The comparison of the economic, financial and fiscal conditions in four EU-IMF financial assistance countries shows that Greece’s economy was hit much harder during the crisis than Ireland, Portugal or Spain. While Greece has fallen back into recession and still depends on financial help from the international community, the adjustment programs appear to have been more successful in the other three countries. The ongoing calamities of the Greek economy are partly the result of especially adverse starting conditions marked by manifold structural problems: Departing from a fairly low level, private debt in Greece surged rapidly. Economic growth in the pre-crisis years was thus credit-financed and consumption-based. This also applies to Ireland and Spain, which started with already comparatively high household debt levels. But in contrast to the latter two countries, credit growth in Greece was also high in the public sector, providing a strong procyclical stimulus to disposable incomes. This boosted domestic demand, whereas the performance of exports remained weak: As a consequence of rapidly growing unit labor costs, the export sector in Greece lost competitiveness, just as in Ireland, Portugal or Spain.

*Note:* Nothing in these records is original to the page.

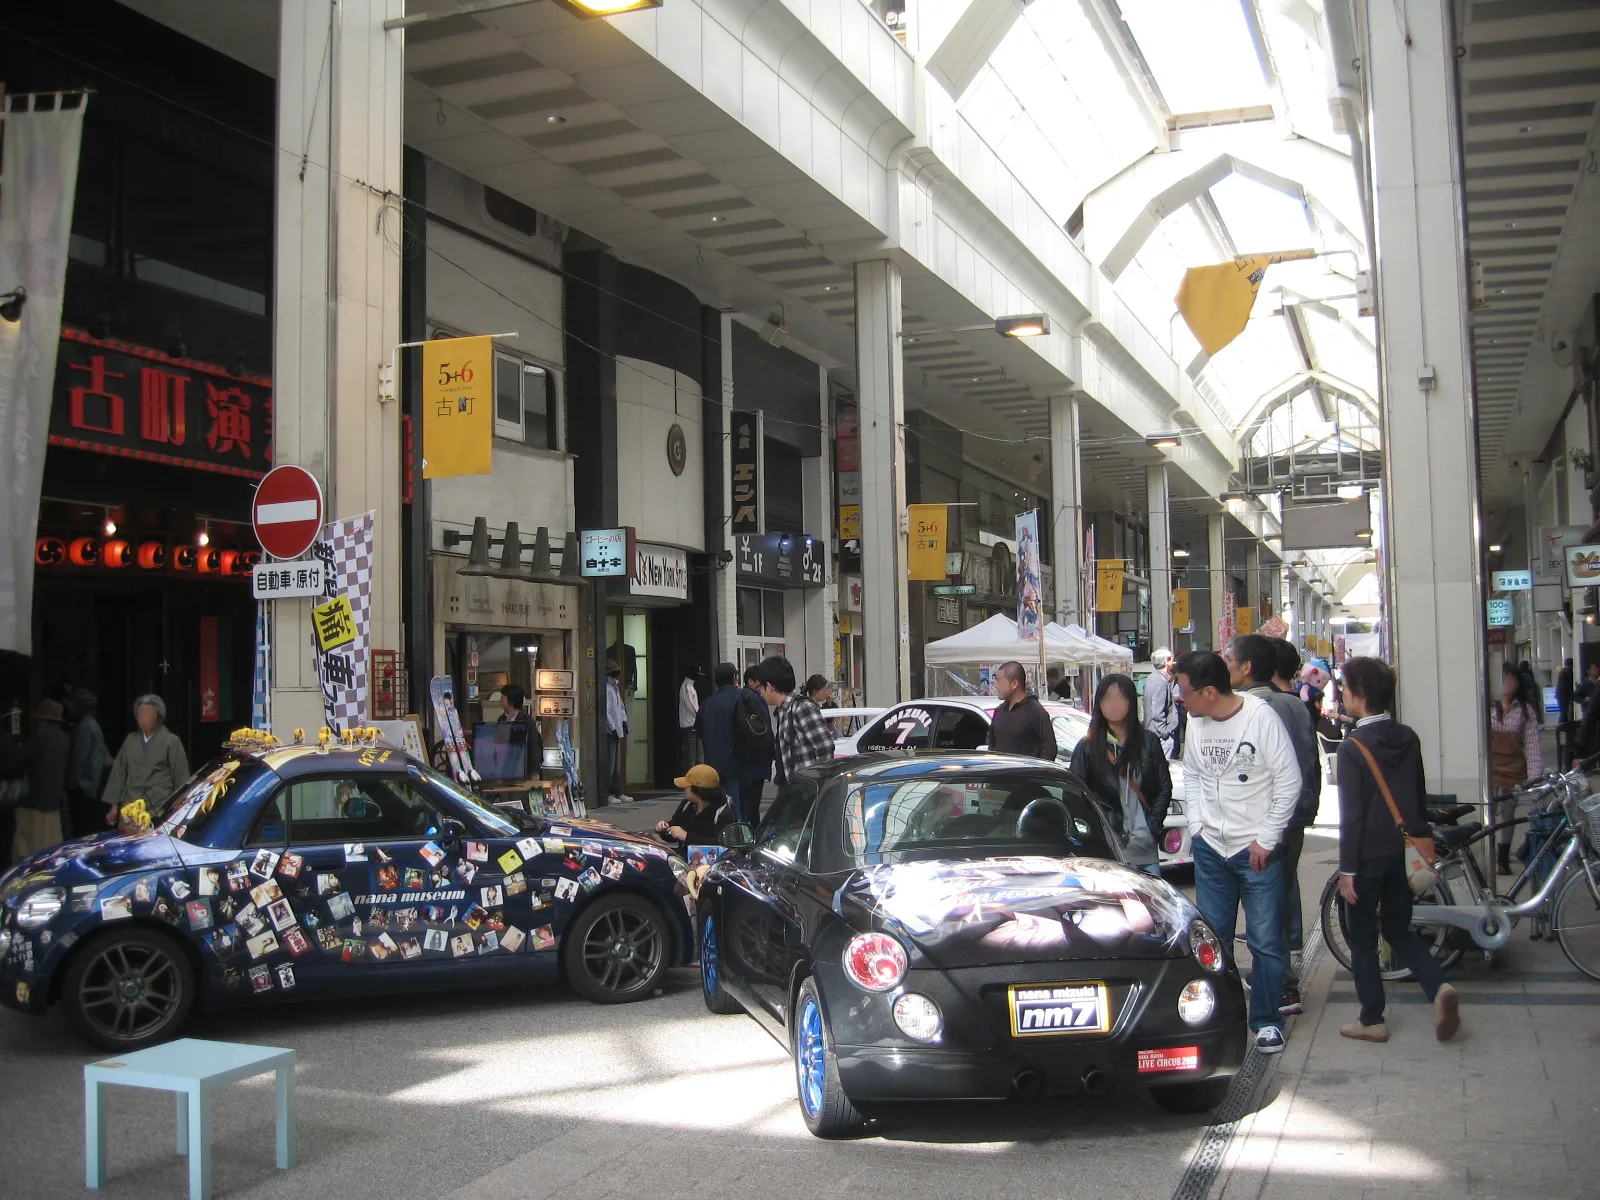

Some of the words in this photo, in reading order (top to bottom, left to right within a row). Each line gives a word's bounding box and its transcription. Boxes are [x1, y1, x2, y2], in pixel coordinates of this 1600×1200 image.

[438, 360, 474, 385] 5+6
[69, 355, 273, 461] 古町演
[918, 521, 938, 533] 5+6
[586, 557, 621, 568] 白十字
[754, 553, 763, 573] 1F
[812, 563, 822, 583] 2F
[884, 708, 932, 729] MIZUKI
[895, 722, 916, 744] 7
[354, 892, 397, 905] nana
[400, 890, 466, 903] museum
[1018, 990, 1051, 1001] nana
[1053, 985, 1096, 999] mizuki
[1022, 1001, 1096, 1028] nm7
[1138, 1059, 1155, 1069] LIVE
[1156, 1057, 1181, 1067] CIRCUS

It is the plurality of imbalances that makes the Greek case unique. The severity of the recession in Greece was also the result of the extremely strong and frontloaded consolidation efforts made in the middle of a balance sheet recession. These were prompted by the more stringent fiscal requirements in the Greek adjustment programs as compared to the other countries’ programs. Austerity measures seriously curbed domestic demand and could not stop debt from rising. Tight credit conditions and wage cuts additionally weighed on domestic demand and thus aggravated the recession. Overall, the past years have shown that it was important and right to support countries in economic and financial difficulties. But experience with the Greek case has also taught us the limits of established forms of support which were not sufficiently underpinned by investment programs to support domestic demand.

Suggested Citation

  • Angelika Knollmayer & Aleksandra Riedl & Maria Antoinette Silgoner, 2015. "The mixed success of EU-IMF adjustment programs in Europe – why Greece was different," Focus on European Economic Integration, Oesterreichische Nationalbank (Austrian Central Bank), issue 4, pages 52-70.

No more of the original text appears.